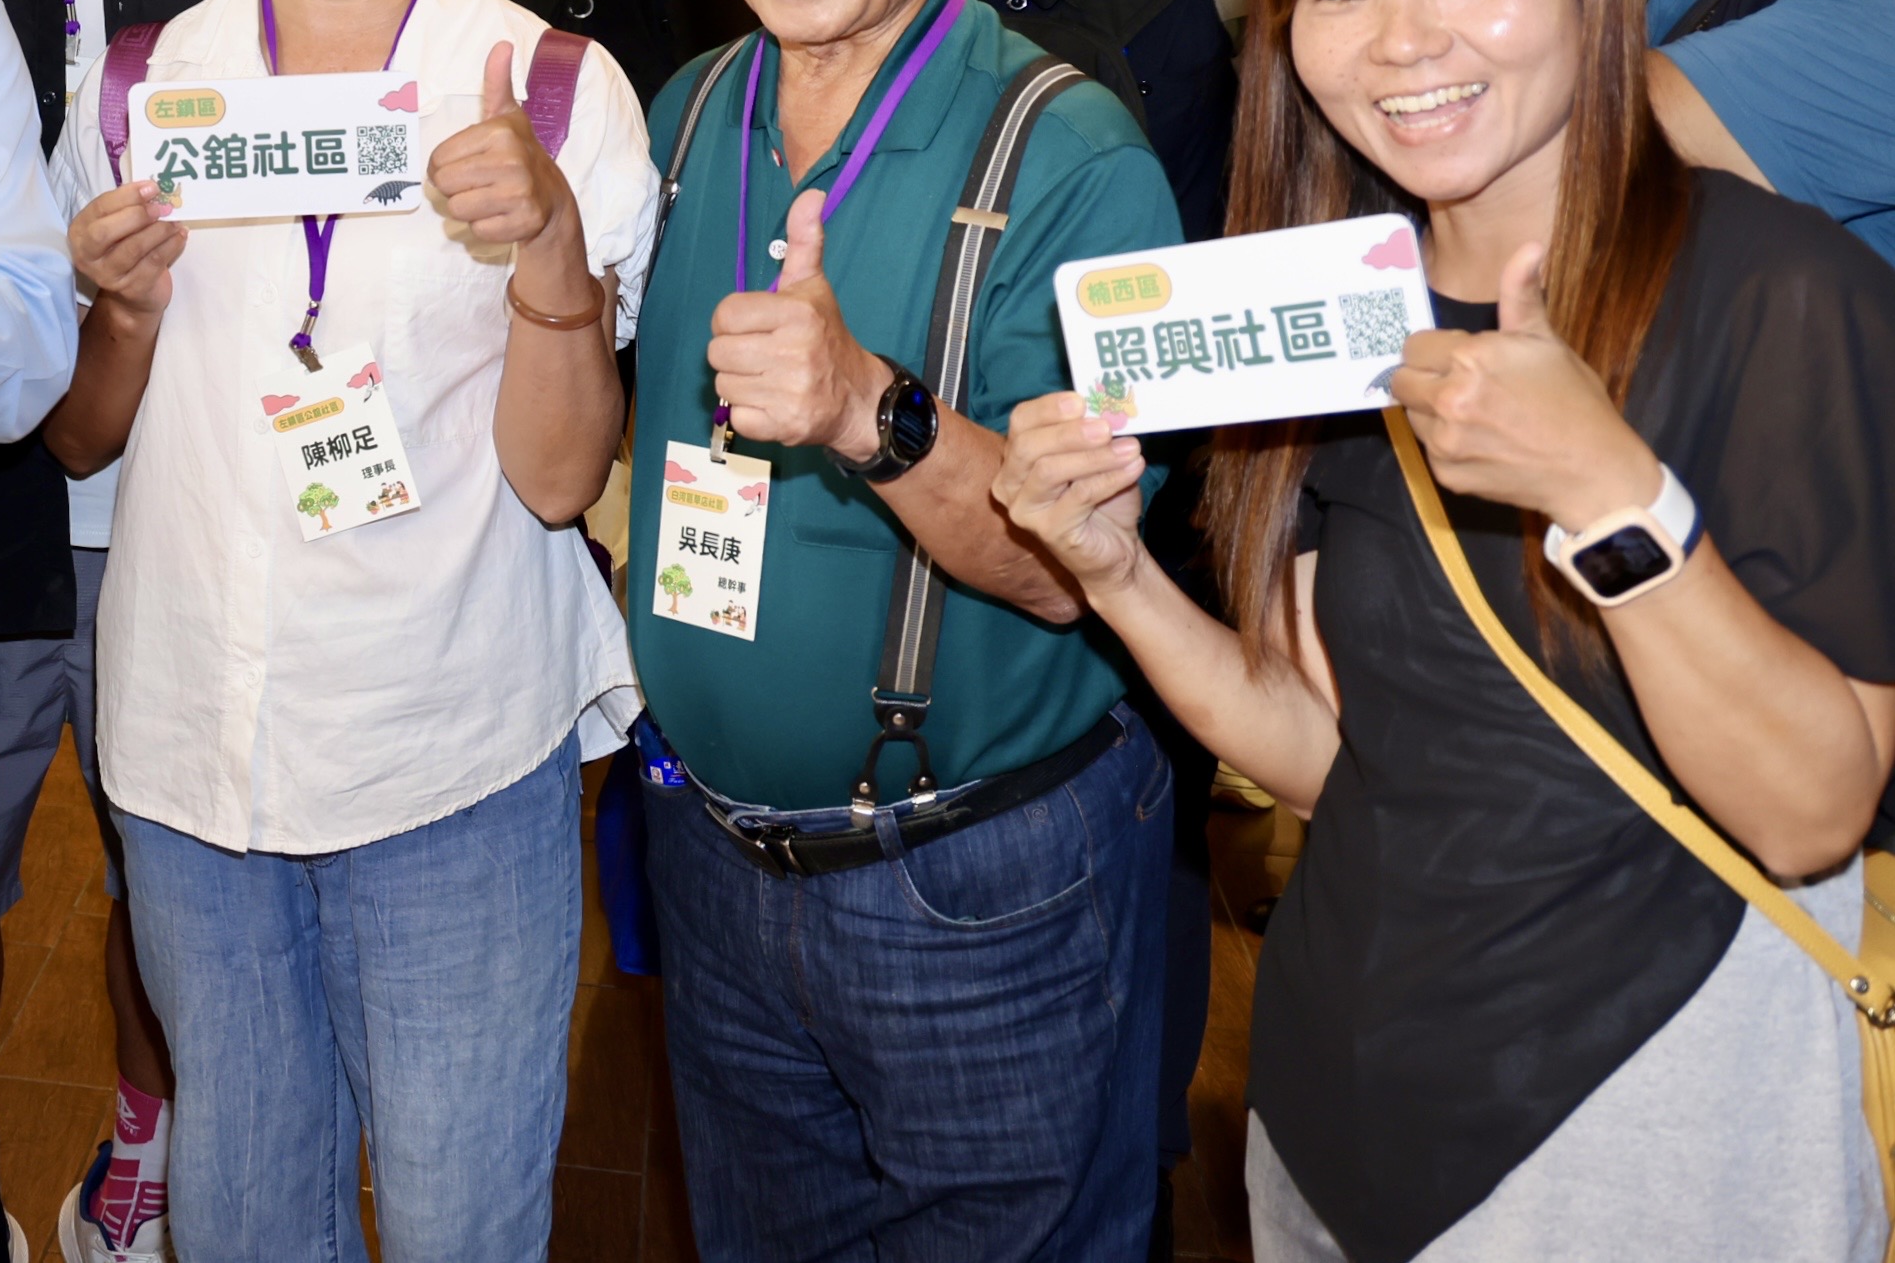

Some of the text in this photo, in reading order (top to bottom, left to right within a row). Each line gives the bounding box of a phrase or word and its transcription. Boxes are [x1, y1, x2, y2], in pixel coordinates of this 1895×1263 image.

[154, 97, 217, 119] 左鎮區
[1087, 273, 1161, 306] 楠西區
[1094, 300, 1337, 386] 照興社區
[301, 424, 379, 470] 陳柳足
[361, 458, 397, 481] 理事長
[678, 526, 742, 565] 吳長庚
[717, 576, 747, 594] 總幹事
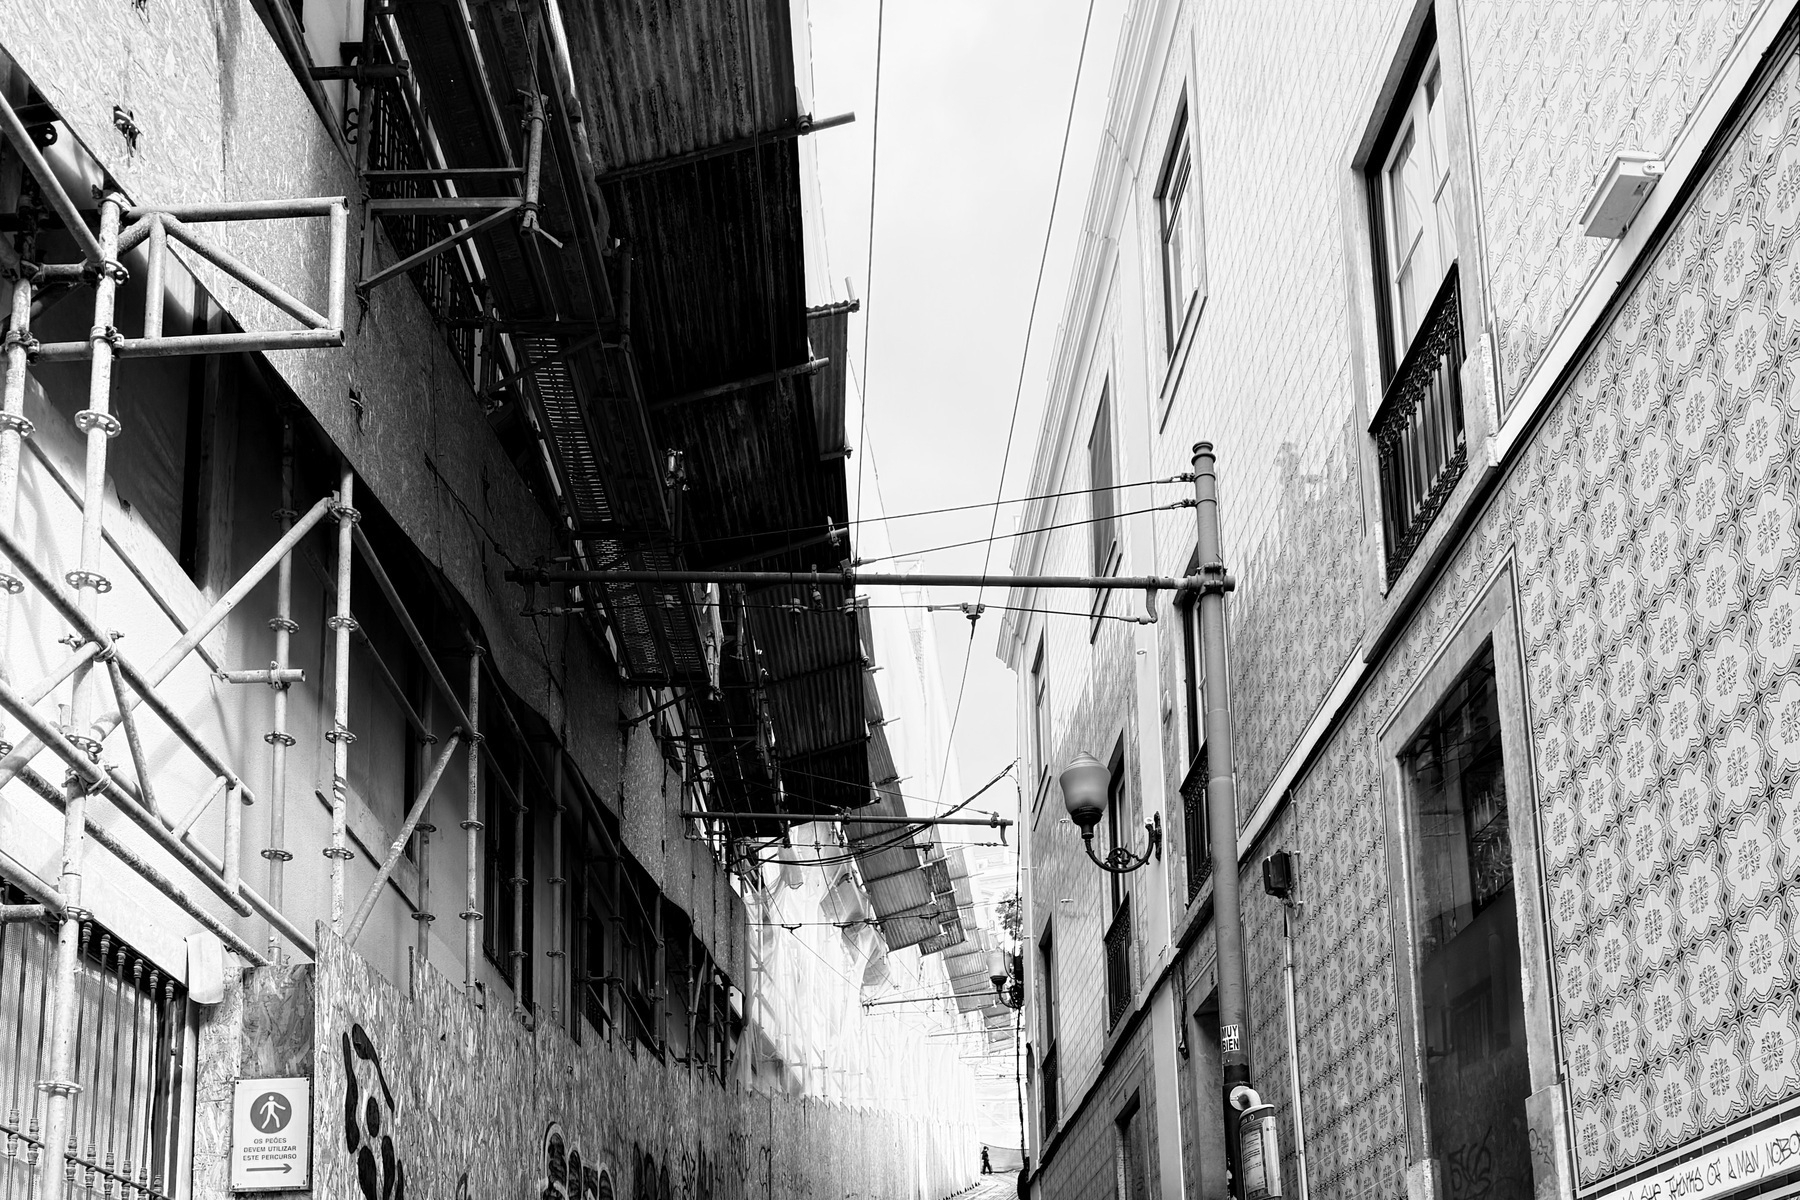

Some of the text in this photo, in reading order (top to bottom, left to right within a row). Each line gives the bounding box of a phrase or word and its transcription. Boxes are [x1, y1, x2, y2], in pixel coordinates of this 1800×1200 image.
:::
DIRECTIONS FOR THIS TASK
Copy every record above exactly, leaving out the pictures.

PROBLEM SOLUTION
Some of the text in this photo, in reading order (top to bottom, left to right within a row). Each line gives the bounding box of a phrase or word and its transcription. Boxes are [x1, y1, x2, y2], in pixel coordinates of this 1895×1263 image.

[154, 97, 217, 119] 左鎮區
[1087, 273, 1161, 306] 楠西區
[1094, 300, 1337, 386] 照興社區
[301, 424, 379, 470] 陳柳足
[361, 458, 397, 481] 理事長
[678, 526, 742, 565] 吳長庚
[717, 576, 747, 594] 總幹事

Some of the text in this photo, in reading order (top to bottom, left to right within a row). Each line gives the bounding box of a phrase or word and its transcription. Boxes are [x1, y1, x2, y2], in pixel coordinates of this 1800×1200 image.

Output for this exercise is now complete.